Fugiu para o Rio de Janeiro em trem cargueiro. Envolveu-se com a malandragem do Centro. Compôs melodias belas, marchas politizadas, sambas irreverentes.
Fez sucesso nas vozes de Francisco Alves, Aracy de Almeida, Moreira da Silva, João Gilberto, Paulinho da Viola. Envolveu-se numa polêmica com Noel Rosa.
Mesmo com mais de 500 sambas, ele ficou marcado como vilão de Noel Rosa.
Em 1956 a peleja entre Noel Rosa e Wilson Baptista, antes restrita a rodas de samba, virou disco. “Polêmica” reuniu as réplicas e tréplicas musicais de uma “briga” – com todas as aspas – que começou por causa de uma mulher. Neste samba, em gravação de Jorge Veiga, o momento em que Baptista pegou mais pesado: “Entre os feios és o primeiro da fila, todos reconhecem lá na Vila”.

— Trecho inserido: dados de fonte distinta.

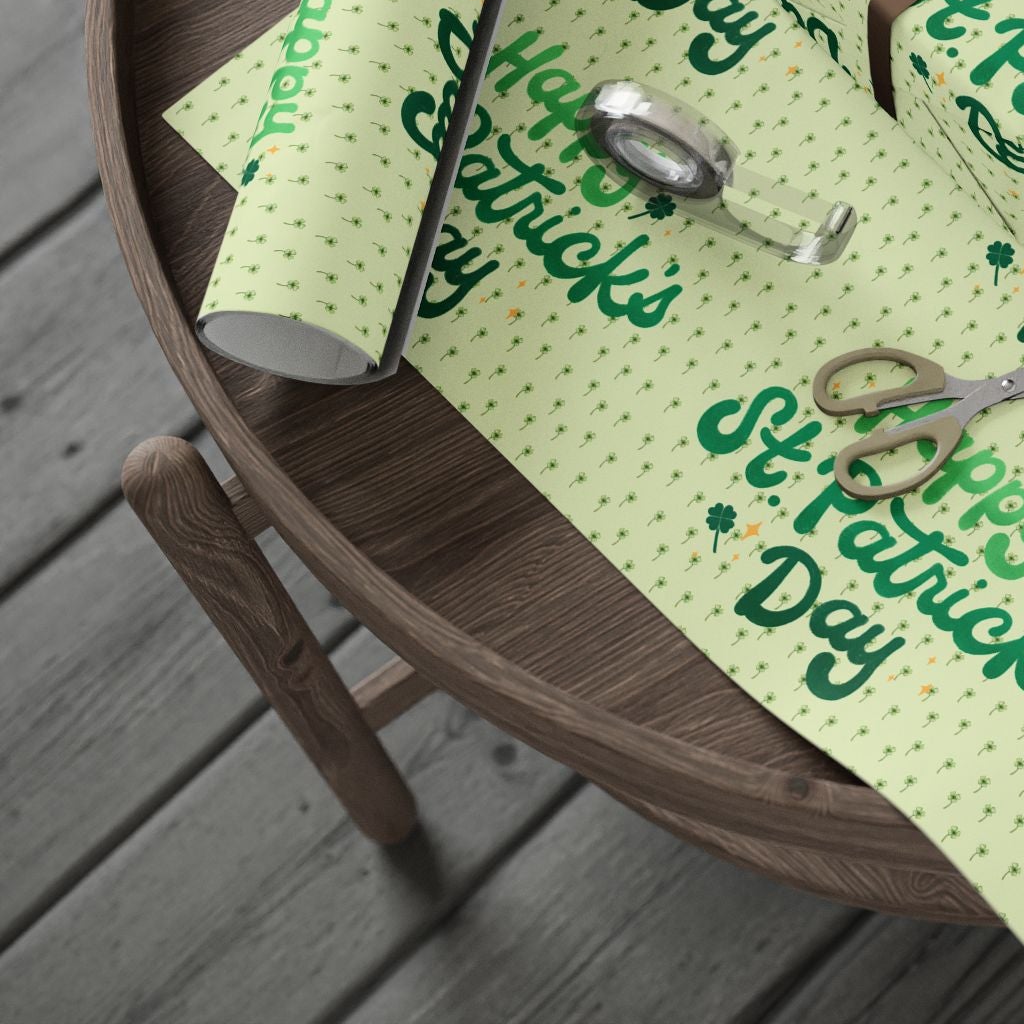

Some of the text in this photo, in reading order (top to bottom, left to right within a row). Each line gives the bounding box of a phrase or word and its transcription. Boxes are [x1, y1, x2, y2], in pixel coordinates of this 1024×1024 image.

[418, 223, 500, 319] ay
[697, 386, 822, 507] St.
[734, 545, 906, 701] Day

Mário Lago chegou a defini-lo como alma de cão de mistura com um compositor de gênio. Mas Paulinho da Viola reverteu um pouco o jogo, ao declarar na TV que adorava Baptista além de gravar várias, como Meu mundo é hoje (Eu sou assim/quem quiser gostar de mim…), talvez a letra que melhor retrate sua personalidade.
O que se notava era que os compositores de família viam ele como um amigo de marginais e até de traficantes.
Nos seus últimos anos de vida, o Brasil estava indo para o lado do bolero, da bossa. Nelson Cavaquinho e Cartola tiveram nova chance um pouco depois da morte dele, graças ao Zicartola, ao Opinião. Esses artistas são lembrados, mas nos anos 1940 o Wilson fazia mais sucesso. Nossa história musical é mal contada.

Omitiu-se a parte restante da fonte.